In a report on exploration and mining in the Skeena region, freely available online on the Ministry of Forestry, Mines and Lands website, and prepared by Wojdak, the Skeena Region, which effectively covers an area from south of Houston right up to the B.C./Yukon border — including areas such as Prince Rupert and Kitimat — has seen $241.5 million spent on mine development, a near record level.
Annual exploration expenditures in 2010 surpassed the last record setting year, 2007, with $172 million. In 2007, that figure was $170 million.
He singles out a few projects in the report’s introduction. Firstly he discusses the Endako open pit molybdenum mine that he said is in the midst of a $498 million expansion and modernization.
The Huckleberry Mine is also developing a new plan that will potentially expand the lifetime of the mine for years.
Of course one of the major developments that has mining interests rubbing their hands together is the Northwest Transmission Line, which will send power up the Highway 37 corridor.
The project just received its provincial environmental certificate, a major hurdle for its development.

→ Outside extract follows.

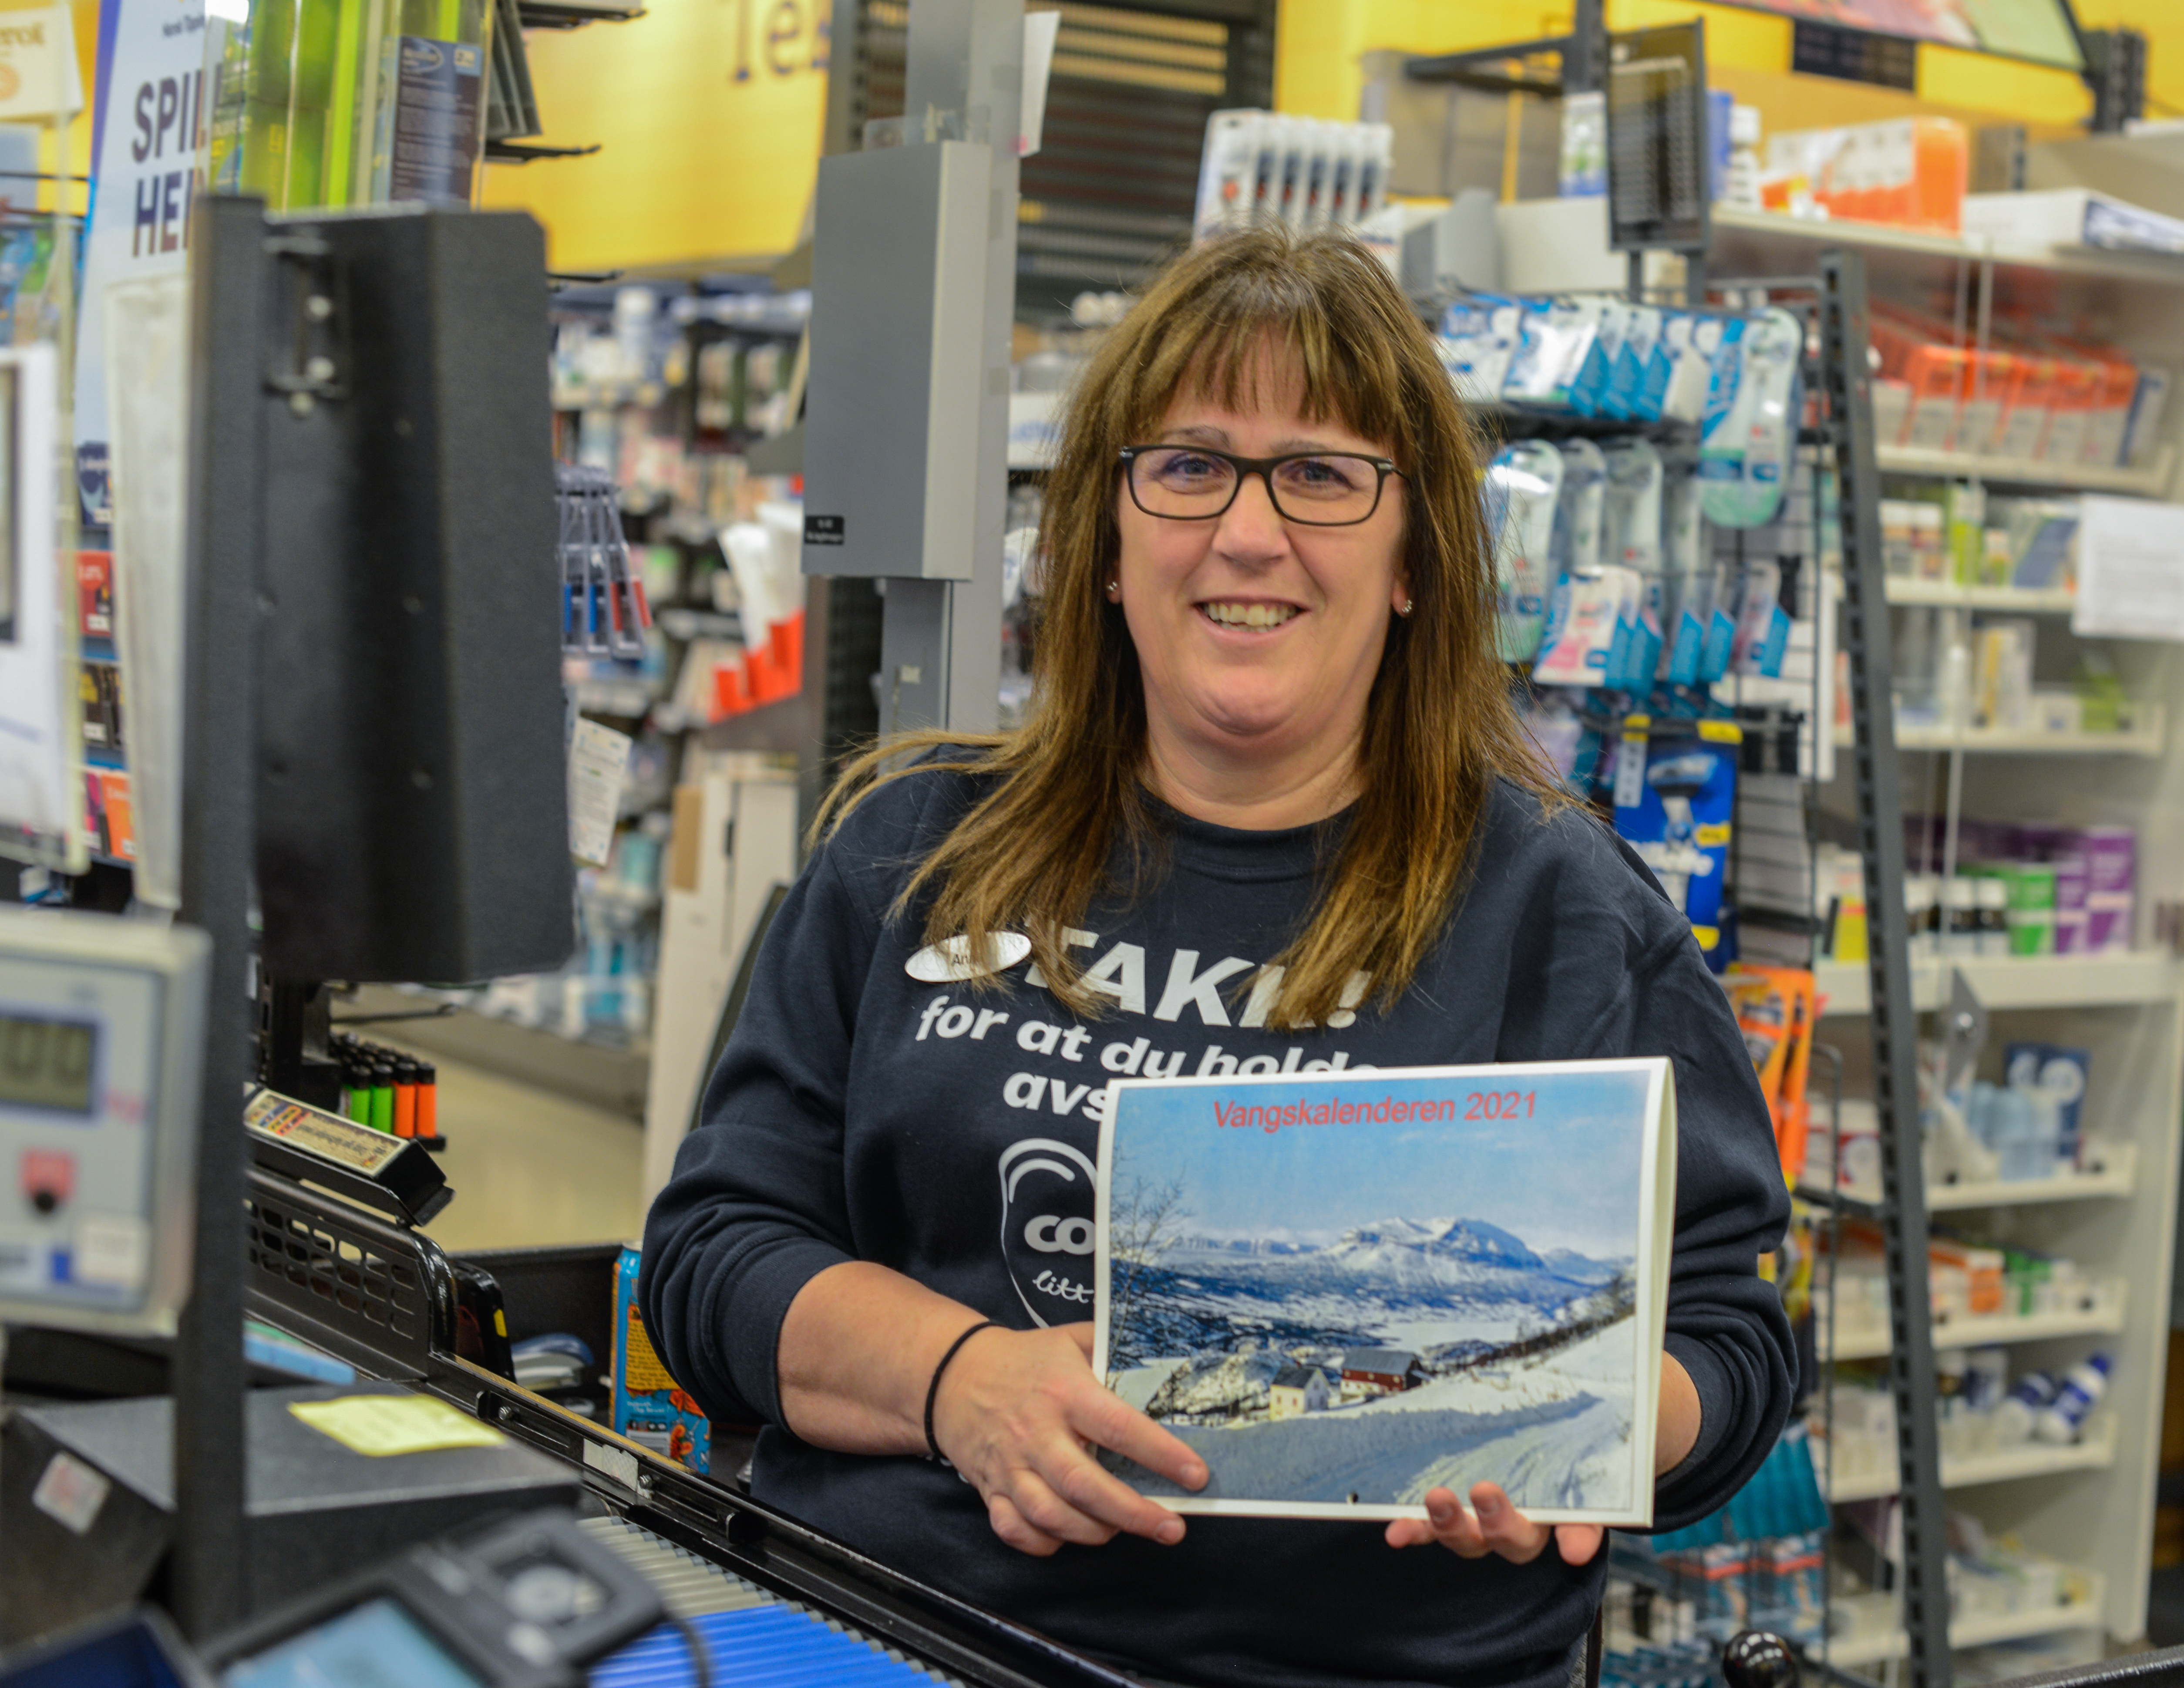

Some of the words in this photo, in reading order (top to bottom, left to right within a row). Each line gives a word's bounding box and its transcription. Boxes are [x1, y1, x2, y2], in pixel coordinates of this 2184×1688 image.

“It does look like things are going to be strong this year.” said Wojdak.
He also points out that mineral prices are hitting at or near records — gold is hitting new peaks, and silver is holding on very strong as well.
The one exception to the mineral price explosion is zinc, he said, but thankfully most of the projects in the region are gold and copper. Molybdenum is doing well also, although not at the peaks it saw a few years ago.
A development which has people excited is a project called Blackwater-Davidson, a property owned by Richfield Ventures.
The site, located about 100 km south of Fraser Lake, has some advantages over other projects further north. For example, he said sites north of Stewart pose challenges with rugged topography and glaciers.
“This thing south of Vanderhoof … would be relatively a piece of cake in terms of the physical challenges,” said Wojdak.
He did add, however, that,”Nothing is a piece of cake in permitting, it seems.”
But Blackwater-Davidson also has the advantage where you can just drive to it on a 150 km road from Vanderhoof.
In Wojdak’s annual report of 2010 for the Omineca Region, he noted that “numerous” gold-bearing intercepts at the location justified Richfield Ventures to upgrade 20 km of access road and install a year-round camp.